Obvious responses: “Experience is more practical as it results in less mistakes on a situation-based level,” or “Technical knowledge is more useful as it has more room for future opportunities.” Because these two responses are opposite, diving deeper into one of them rather than combining them would be a better option.
Looking further into the second response, a possible thesis could be, “Technical knowledge is more useful as it lays a solid foundation for more technical-based jobs, which can lead to more success and opportunity in a person’s professional career.” These responses may still seem surface deep; however, they still connect to the prompt while providing a broader range of possible reasons to support this claim and make room for development in the body of the essay.
If a teacher assigns a free-form essay and the only requirement is to use specific sources, taking a different approach to developing your thesis will ensure that your claim is still plausible. No matter what requirement or resource you are given, a strong connection is a must when writing an essay so your writing stays cohesive and understandable to the reader.

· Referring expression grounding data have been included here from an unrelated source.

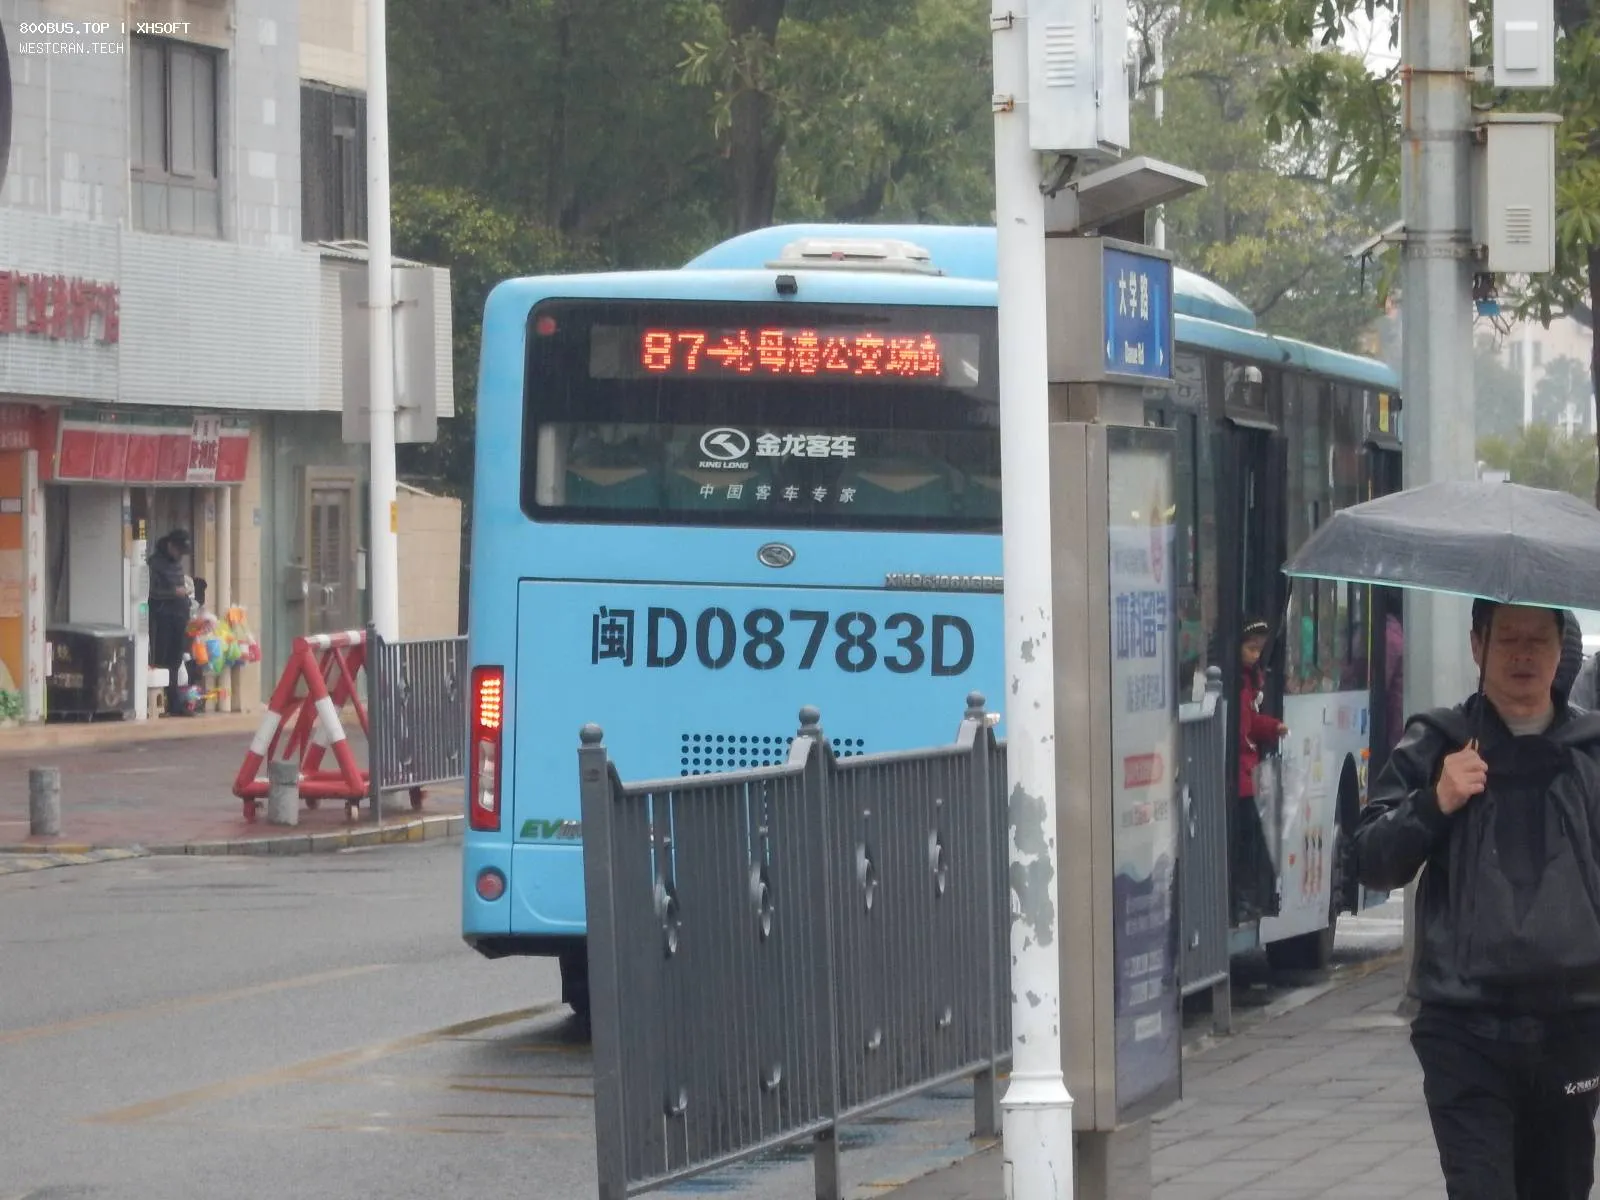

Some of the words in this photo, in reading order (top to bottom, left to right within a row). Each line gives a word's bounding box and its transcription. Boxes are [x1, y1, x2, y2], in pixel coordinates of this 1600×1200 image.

[1119, 268, 1149, 321] 大学路
[643, 331, 705, 370] 87
[755, 432, 856, 459] 金龙客车
[699, 461, 722, 469] KING
[723, 462, 749, 470] LONG
[699, 483, 857, 503] 中国客车专家
[591, 605, 975, 677] 闽D08783D

After creating your thesis, it is probably best to start outlining what exactly you will discuss. Outlining with bullet points usually helps break down the ideas of your essay sentence by sentence.
To develop your paragraphs and ideas properly ask yourself: “Could I connect the ideas better if I write this idea before introducing this second idea?” This will ensure that you are adding to your ideas instead of simply repeating your ideas until you realize you’ve only said the same idea for 4 paragraphs.

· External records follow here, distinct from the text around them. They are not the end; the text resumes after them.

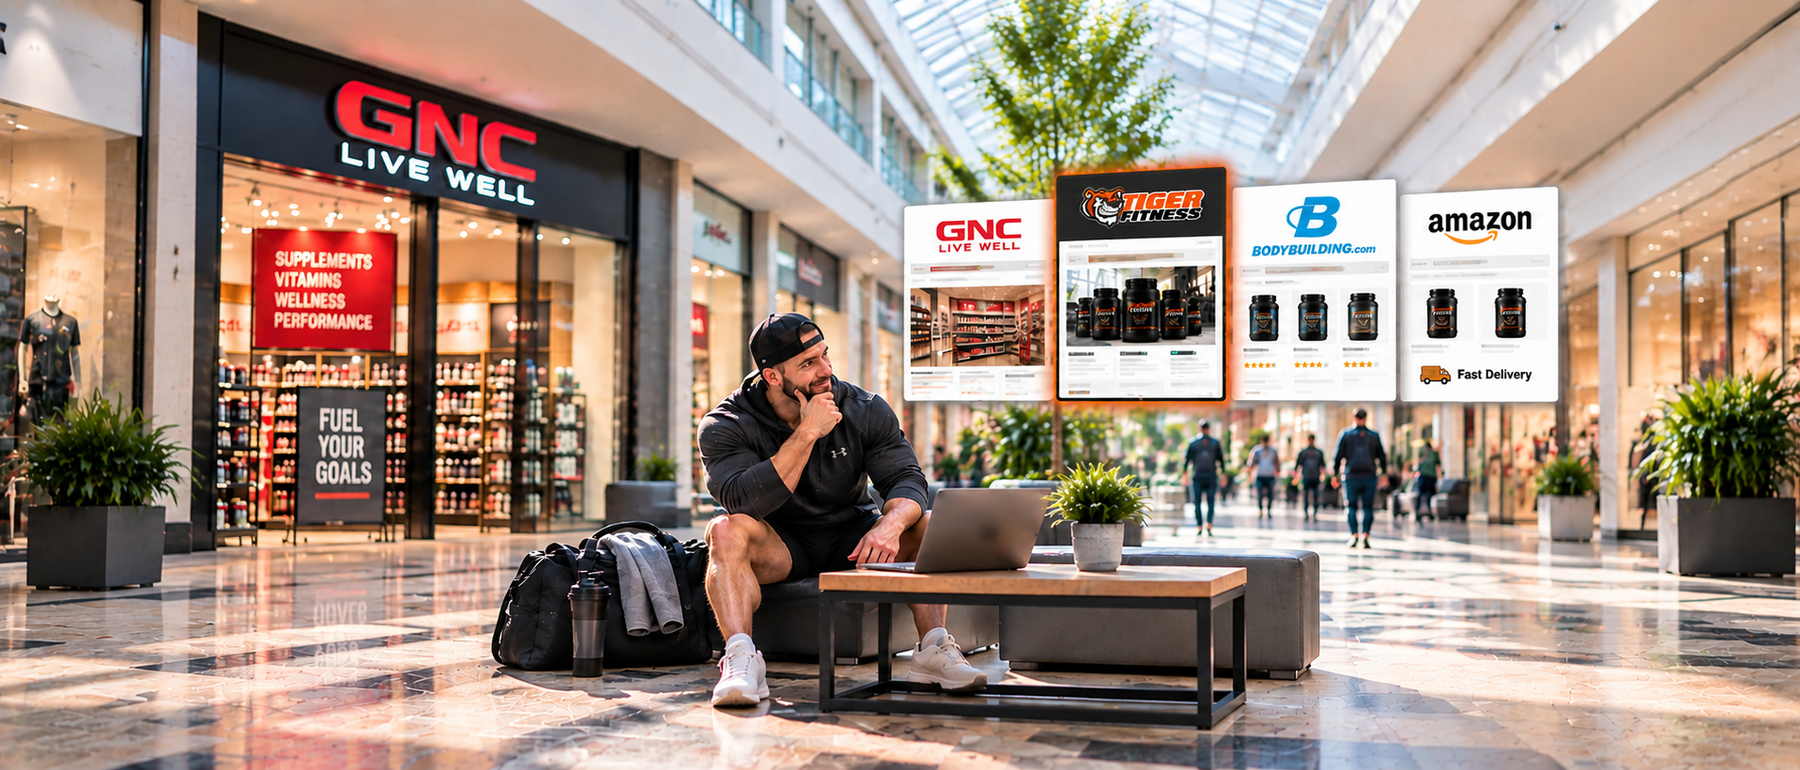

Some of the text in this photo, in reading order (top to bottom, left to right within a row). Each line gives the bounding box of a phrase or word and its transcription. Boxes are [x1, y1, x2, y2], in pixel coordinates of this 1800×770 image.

[336, 80, 537, 183] GNC
[341, 142, 536, 207] LIVE WELL
[1121, 190, 1206, 211] TIGER
[1119, 206, 1205, 223] FITNESS
[1428, 210, 1532, 233] amazon
[936, 218, 1022, 242] GNC
[938, 241, 1021, 253] LIVE WELL
[1251, 243, 1377, 257] BODYBUILDING.com
[274, 250, 374, 271] SUPPLEMENTS
[274, 271, 342, 289] VITAMINS
[274, 291, 346, 310] WELLNESS
[273, 311, 374, 331] PERFORMANCE
[1457, 368, 1533, 383] Fast Delivery
[318, 407, 364, 434] FUEL
[317, 434, 365, 459] YOUR
[314, 460, 373, 486] GOALS

Another way to help you visualize the flow of your essay is to visualize an hourglass. You should start as general as possible and by the time you end your first body paragraph, you should be extremely specific about your ideas. Then you move from specific to broad as you go through your second body paragraph and conclusion. This will allow your readers to actually think about what you discussed and apply it to how they view society or use it in their own lives.
If you find at the end of writing your body paragraphs that your ideas have shifted away from what you discussed in your thesis, change your thesis, not your paragraphs. It is most likely that as you shifted away you developed your ideas better than you would have had you stuck to your thesis.
After all of this, your reader should have been brought into your ideas understanding and then questioned what they thought when they read the specific parts of your essay and then think about that in a more general sense after reading the rest of your essay.
Finally, the introduction and conclusion paragraphs, arguably the most difficult parts of your essay. The introduction and conclusion paragraphs are the first and last time the reader will consider your writing and the most memorable parts as well so you need to make them pop!
For your introduction, you should write a hook that will grab the reader’s attention and will interestingly bring them into the thesis of your essay. This should include either a relatable idea, an obscure idea you thought of while writing, or a commonality you have observed in the subject of the essay.
The next sentence will act as a bridge that connects the hook and the thesis together so making sure the hook is relevant to the thesis is vital.
After all is said and done, we arrive at the conclusion paragraph. This is where you should remind the reader of the main point, the thesis, of the essay in fresh language while still providing new insight into the previously mentioned ideas.
This is also a great time to check if the thesis still connects to the rest of the essay; if you could not write your thesis again after writing the body paragraphs without it not making sense, that is a sign the thesis needs to be changed.
The final sentence should do a couple of things: make a connection to the title (this is often where you will get your title from) and end with a bang. If you cannot see yourself doing a mic drop at the end of reading this, you need a stronger ending sentence.
Once again, the connector sentence between the restatement of the thesis and mic drop should show how they make sense together and should wrap up any last thoughts you want to tell the reader. After all of that, you have successfully written a cohesive and purposeful essay.
A final word of advice while writing-- to make sure that your writing is not wordy or vague, restate the idea in the plainest way possible, and make sure that the reader can still understand that.
Another way to make your writing more clear and concise is when revising, asking yourself if you need every word in the sentence you get your point across as well as pulling from your own vocabulary instead of looking up a thesaurus when you want a fancier word.
Writing an essay is a subjective process and topic as most people will only want to read what they agree with and that will oftentimes contribute to criticism. By ensuring that you are the clearest you can be when writing, you will grab the attention of many more readers and find that your writing will connect better with others’ ideas.